20 February 2008
Maputo — The Cahora Bassa dam on the Zambezi in central Mozambique has reduced its discharges to about 2,400 cubic metres a second, according to the latest bulletin from the National Water Board (DNA).
This is the lowest level of discharge from the dam since mid-December. The Cahora Bassa lake has proved able to absorb most of the extra water released into the river from the partial opening of one of the floodgates on the Kariba dam, further upstream. As of Monday, the lake was 69.6 per cent full.
Rainfall has slackened or ceased altogether in most of central Mozambique, and in the neighbouring countries. As a result the Zambezi has continued to drop, although the river's lower reaches are still in flood.
At Mutarara, the river dropped from 5.1 metres on Monday to five metres on Tuesday - which is exactly the flood alert level. At Caia, the Zambezi fell over the same period from 6.38 to 6.25 metres. Further downstream, at Marromeu, the river can no longer be measured, because the scale was damaged when a boat hit it, but the DNA reports that here too the river is falling.
Meanwhile there are reports of some people in the resettlement areas for flood victims trying to make money from the illicit sale of food aid. According to a report in the Maputo daily "Noticias", one person was arrested on Tuesday in the Nhambalo II resettlement centre in Caia district, and six sacks of maize flour were recovered from the five people to whom he had sold them.
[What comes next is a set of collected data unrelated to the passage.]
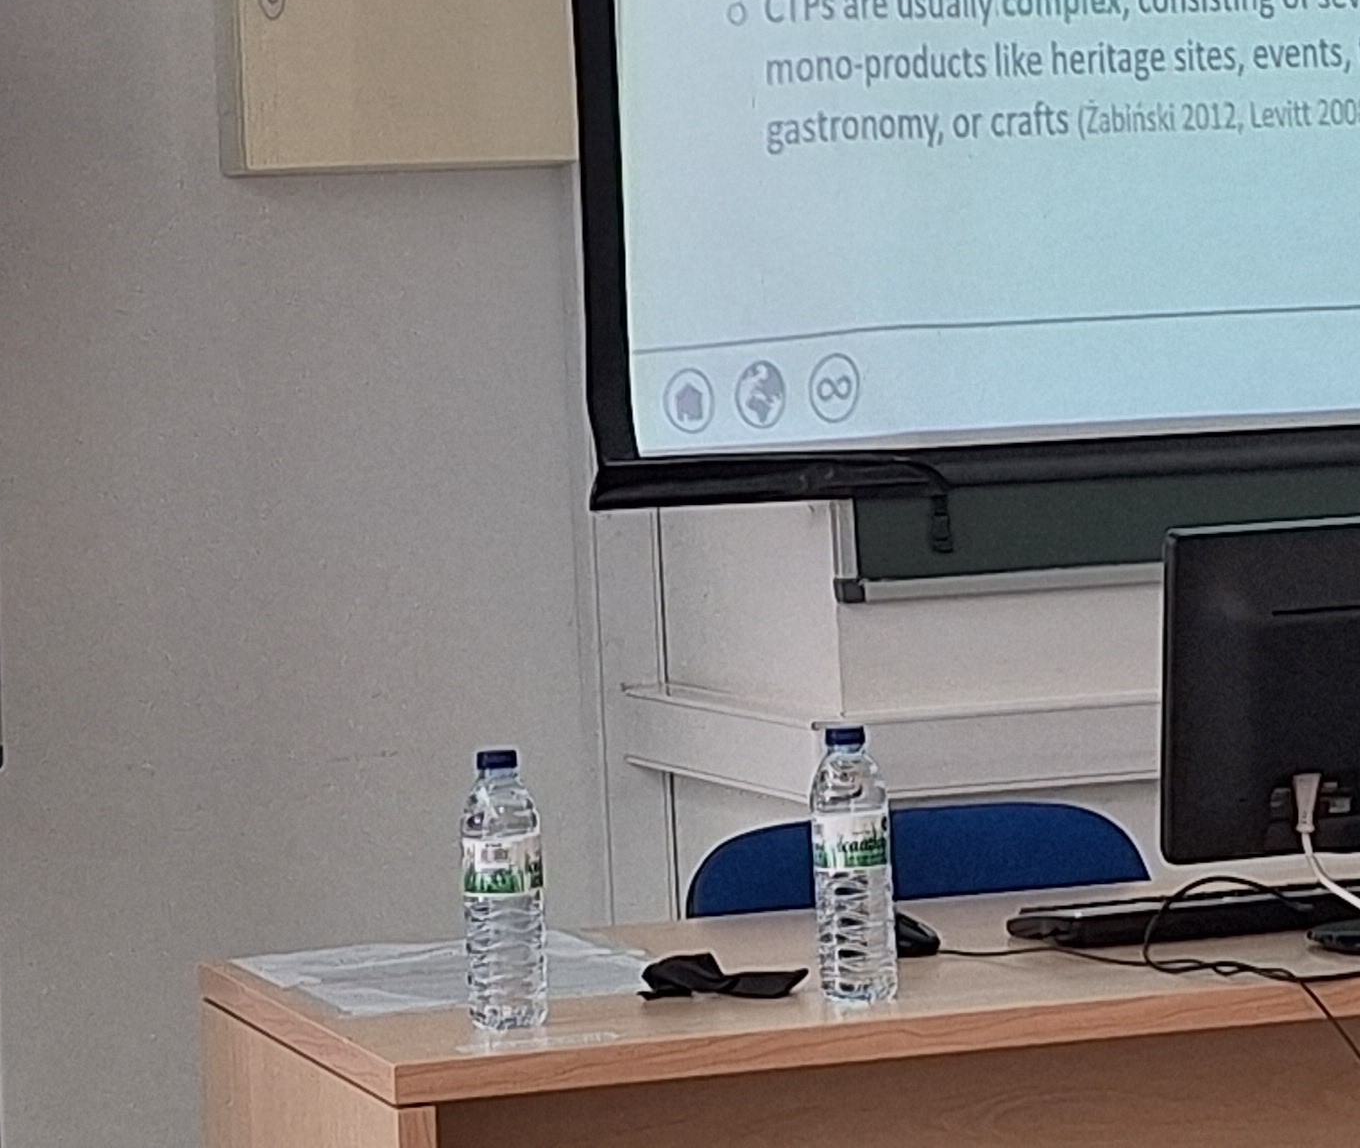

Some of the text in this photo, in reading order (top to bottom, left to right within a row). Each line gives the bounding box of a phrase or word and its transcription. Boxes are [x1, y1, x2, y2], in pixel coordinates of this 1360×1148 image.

[766, 43, 988, 88] mono-products
[994, 41, 1043, 78] like
[1050, 40, 1166, 82] heritage
[1174, 39, 1245, 77] sites,
[1253, 38, 1352, 74] events,
[767, 111, 945, 156] gastronomy,
[952, 112, 983, 139] or
[990, 100, 1070, 138] crafts
[1181, 101, 1245, 134] 2012,
[1249, 99, 1312, 129] Levitt
Joao Ribeiro, deputy director of the government's relief agency, the National Disasters Management Institute (INGC), declared that the INGC is taking measures to end such abuses. It is carefully checking the lists of food aid beneficiaries in the resettlement centres to remove fictitious names that dishonest local officials have added so that they can obtain more food and sell it.
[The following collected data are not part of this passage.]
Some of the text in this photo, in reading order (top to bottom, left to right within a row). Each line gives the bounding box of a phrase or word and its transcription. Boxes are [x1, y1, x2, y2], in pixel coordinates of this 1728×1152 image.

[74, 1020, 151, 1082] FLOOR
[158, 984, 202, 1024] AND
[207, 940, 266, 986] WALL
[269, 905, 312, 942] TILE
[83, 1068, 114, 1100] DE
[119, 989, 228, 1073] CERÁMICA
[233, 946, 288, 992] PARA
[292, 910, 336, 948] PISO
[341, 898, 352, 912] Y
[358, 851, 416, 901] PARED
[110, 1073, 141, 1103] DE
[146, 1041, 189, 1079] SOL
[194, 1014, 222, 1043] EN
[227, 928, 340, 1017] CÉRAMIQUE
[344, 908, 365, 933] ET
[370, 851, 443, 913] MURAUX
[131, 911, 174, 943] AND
The six sacks of maize were recovered when Ribeiro and Caia district administrator Jose Cuela, accompanied by several journalists, personally intercepted five people cycling away with the sacks slung over their bikes.
One of them was a Red Cross activist, who claimed that the food aid had been offered to him by a local chief. Others admitted that they had paid people at the Nhambalo II centre up to 120 meticiais (five US dollars) per sack.